Material and methods
We conducted a 1-year retrospective cohort study of all patients > 16 years of age, with an ISS > 12 and, admitted to a level 1 trauma centre. Demographics, initial vital signs, admission laboratory values, and daily creatinine kinase (CK) values were collected. The primary outcome was TR (defined by CK > 5000 IU), secondary outcomes included AKI (KDIGO criteria), mortality, multiple organ failure, length of stay, and need for renal replacement therapy (RRT).
Results
586 patients met inclusion criteria and 15 patients (2.56%) developed TR. CK testing occurred in 78 (13.1%) patients with 29 (37.7%) of these having values followed until downtrending. AKI occurred in 63 (10.8%) patients within the entire study population.
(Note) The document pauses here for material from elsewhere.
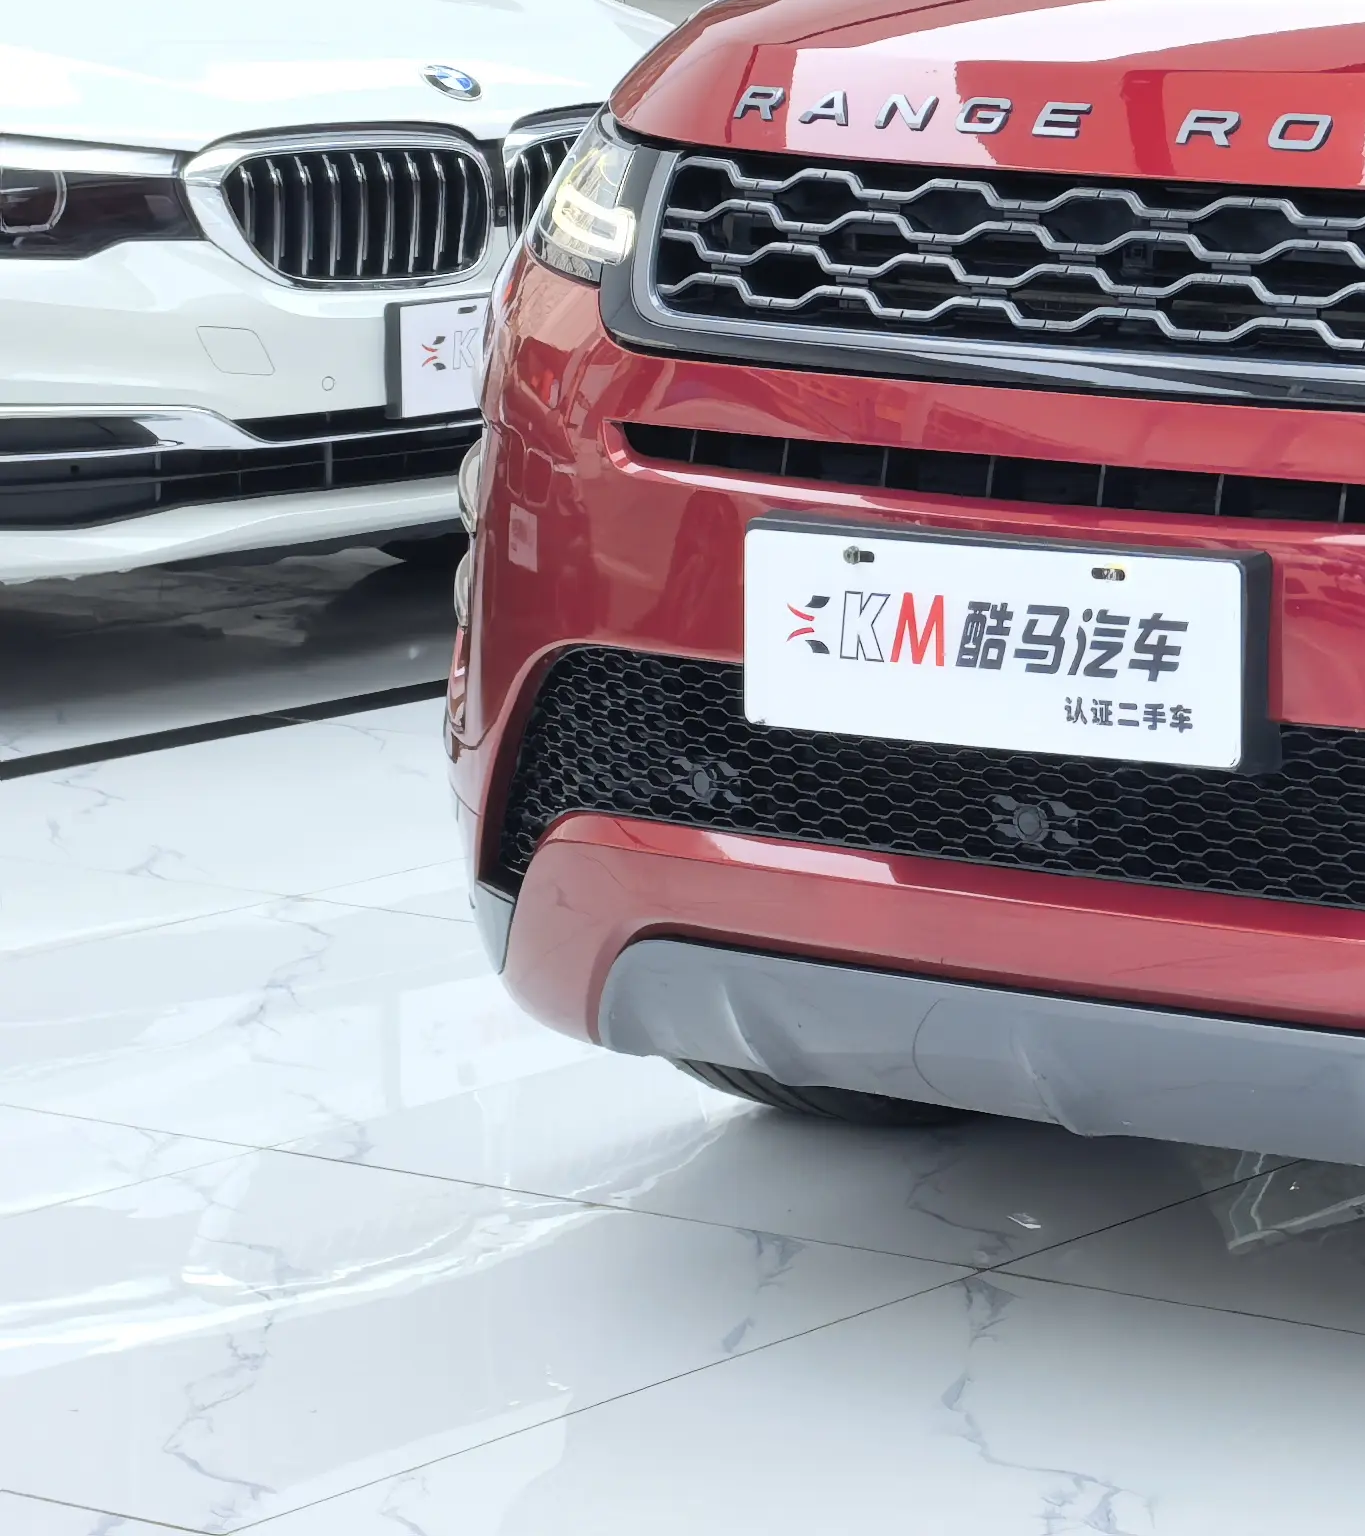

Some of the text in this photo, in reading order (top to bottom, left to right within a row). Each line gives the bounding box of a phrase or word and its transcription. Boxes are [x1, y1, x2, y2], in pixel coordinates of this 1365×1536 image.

[732, 84, 1093, 140] RANGE
[839, 590, 1190, 682] KM 酷马汽车
[1063, 695, 1195, 734] 认证二手车
Among those with TR, nine (60%) patients developed AKI. Patients with TR had higher ISS (median 29 vs 18) and mortality (26.7% vs 8.9%).
Discussion
Whilst TR appears rare without liberal screening, it is strongly associated with AKI. Given the poor outcomes, standardised monitoring, and liberal testing of CK could be justified in trauma patients with higher injury severity. This epidemiological data can help to define study populations and power future multicentre prospective studies on this infrequent yet morbid condition.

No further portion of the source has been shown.